Parsons BFA Fall 2024 Ready-to-Wear

In the golden age of couture, it wasn’t unusual for collections to consist of a hundred or so looks; that doesn’t begin to hold a candle to Parsons’s BFA fashion show. The class of 2024, numbering 275 students, said course director Marie Geneviève Cyr, is the school’s largest and the show, with 217 exits, its most inclusive (in terms of number of students involved) ever. Each of the five pathways within the program (collections, fashion product, materiality, systems and society, and phygital fashion) was represented.

Though effectively organized with subtle subthemes, the one-look-per-student approach gives a sense of multiplicity rather than narrative. It’s akin to looking at a pointillist painting close-up, where you see the individual dots but lack the perspective needed to get the whole picture. Thankfully, the school has a comprehensive website where a deeper dive into the collections is available. Having read all these and acted as a critic for one class, this review combines the show experience with that background information.

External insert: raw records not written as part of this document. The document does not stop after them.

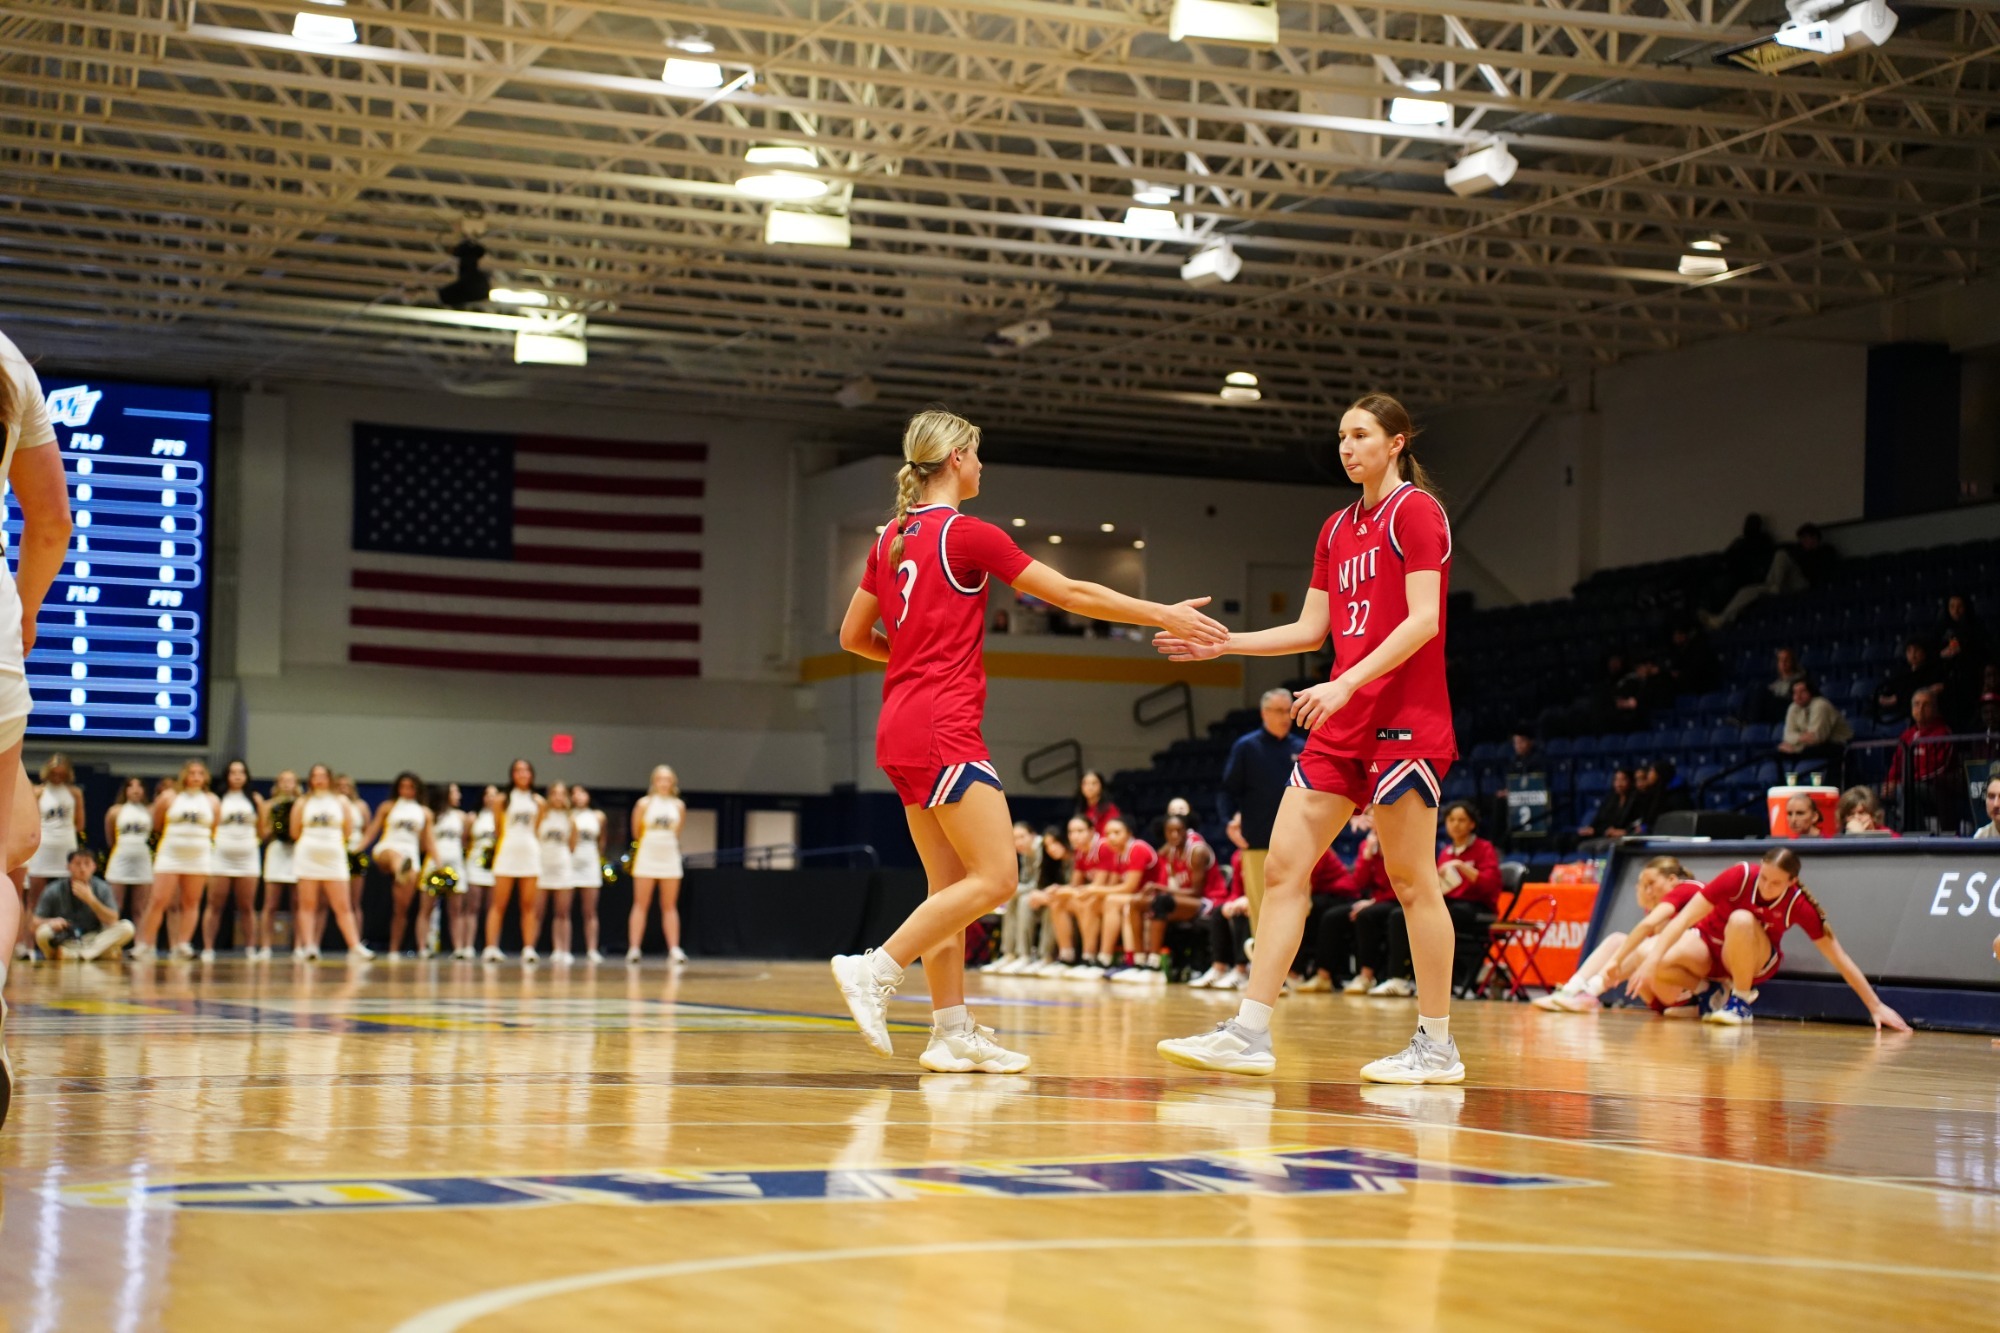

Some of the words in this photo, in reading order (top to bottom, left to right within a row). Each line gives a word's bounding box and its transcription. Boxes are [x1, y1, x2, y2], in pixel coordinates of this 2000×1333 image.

[70, 433, 103, 450] FLS
[152, 438, 187, 456] PTS
[78, 536, 88, 552] 1
[1338, 546, 1380, 597] NJIT
[67, 585, 100, 602] FLS
[148, 590, 183, 607] PTS
[75, 610, 86, 626] 1
[158, 614, 172, 631] 4
[1342, 600, 1371, 637] 32
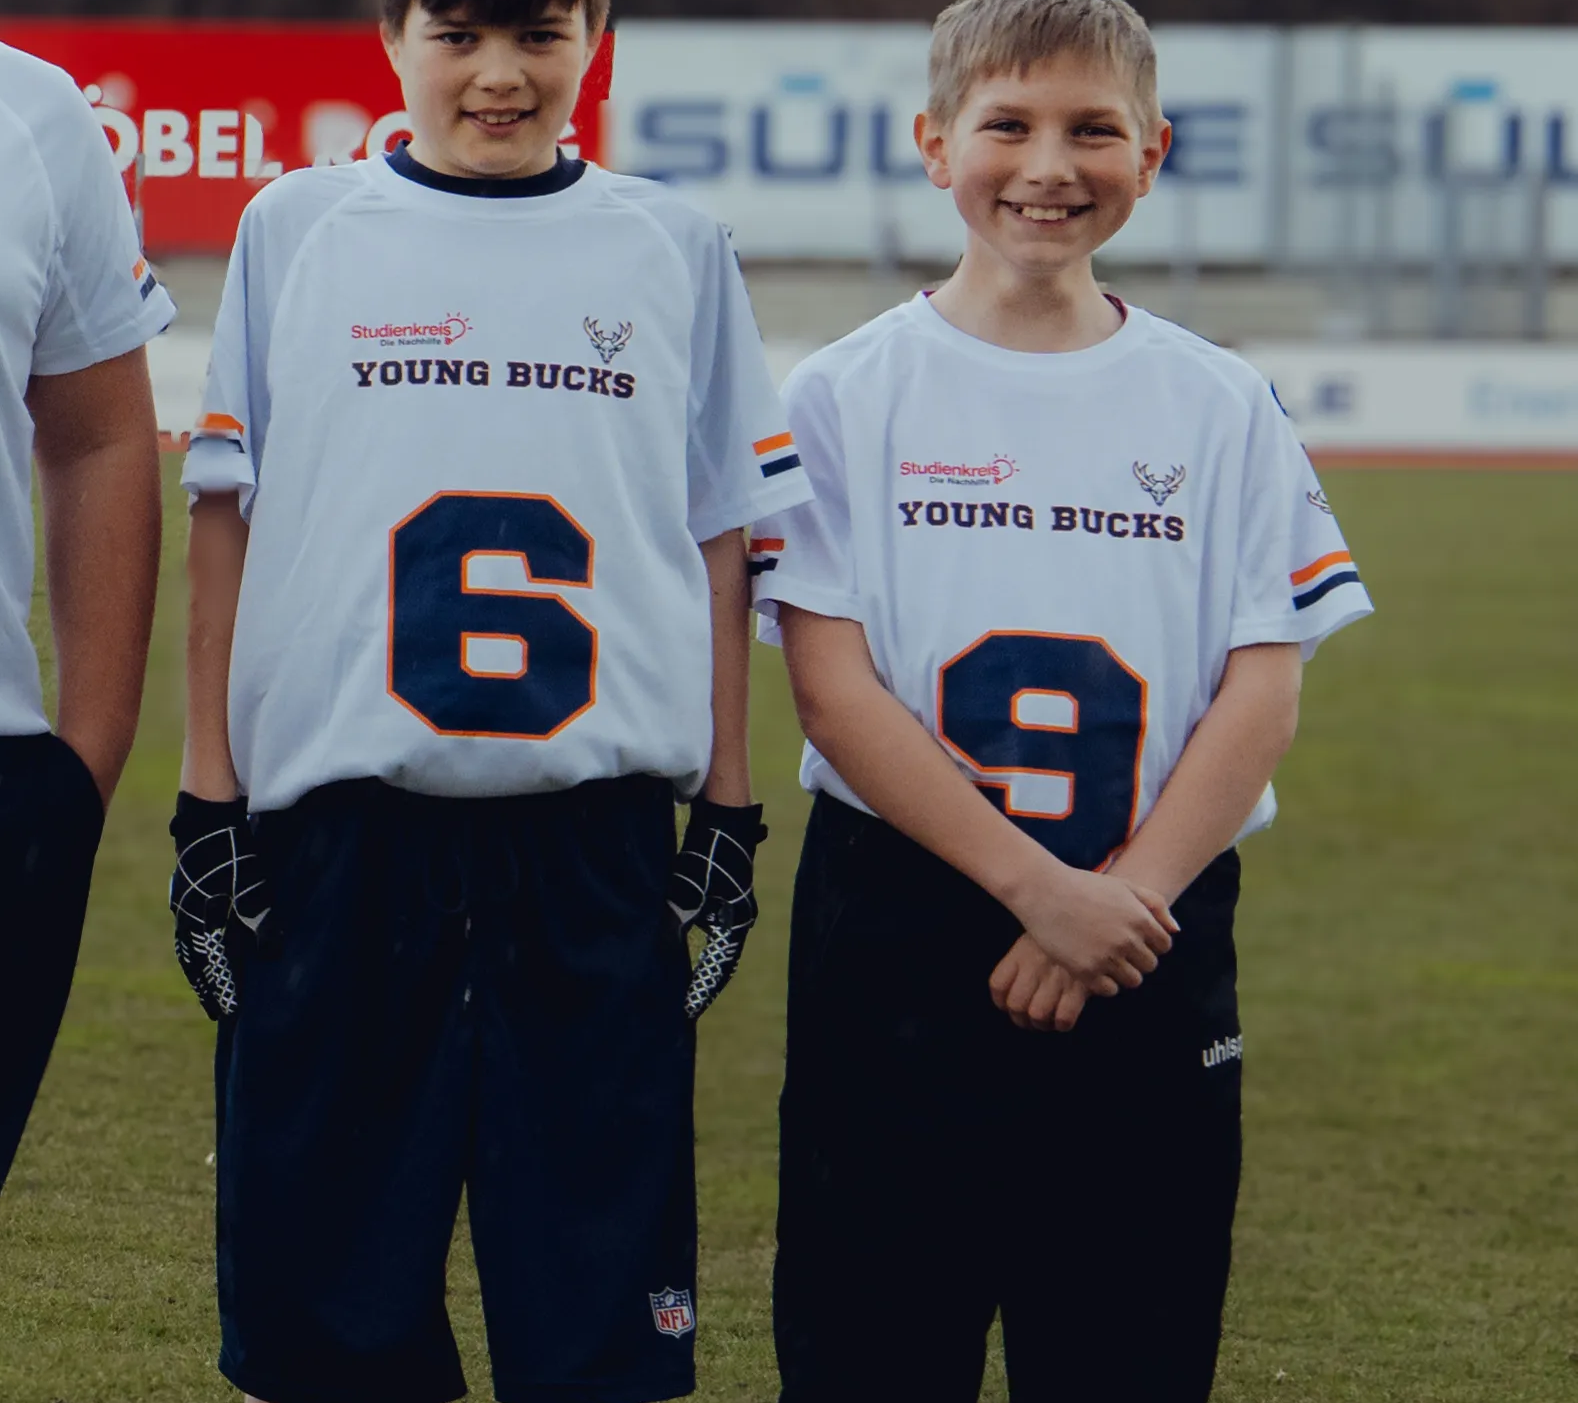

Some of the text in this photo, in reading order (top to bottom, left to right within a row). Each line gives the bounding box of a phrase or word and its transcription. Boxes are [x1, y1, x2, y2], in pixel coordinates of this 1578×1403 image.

[636, 75, 1248, 181] SÜLE
[351, 322, 452, 339] Studienkreis
[380, 339, 395, 347] Die
[352, 359, 636, 399] YOUNG BUCKS
[900, 461, 1000, 477] Studienkreis
[929, 476, 944, 484] Die
[898, 501, 1185, 542] YOUNG BUCKS
[386, 490, 598, 739] 6
[938, 629, 1148, 872] 9
[657, 1308, 690, 1330] NFL

In terms of the show, dramatic silhouettes were dominant. When following the natural body, hips, shoulders, and bottoms were often the focus. Comme de Garçons’s Rei Kawakubo seemed to have influenced styles with bulbous rounds. Monsters and other creatures spoke to the post-human theme that several students wrote about. Of note were the number of briefcases used as accessories. The world of work is still affected by the shock waves of COVID-era changes; a corporate uniform is at least a source of visual stability. The fast pace of the digital era and the mobility of global society have left some students feeling harried and detached and searching for comfort and a sense of home through fashion.

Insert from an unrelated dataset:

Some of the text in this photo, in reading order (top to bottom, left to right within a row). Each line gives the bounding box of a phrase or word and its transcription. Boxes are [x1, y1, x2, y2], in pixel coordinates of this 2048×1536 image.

Nostalgia and anemoia (nostalgia for a time one has never known) continue to enrapture students, who looked into their personal histories (often using family photos as portals) or into a culture. (Queer history was a subject of several theses.) More critical looks backward were shared by students considering the effects of colonialism; some grappled with the idea of Americana.

Many collections were made sustainably, but that was often part of the narrative rather than the main plot. Based on a review of the students’ statements, they are interested in using fashion for storytelling and communication and see garments as tools for change, connection, and self-expression.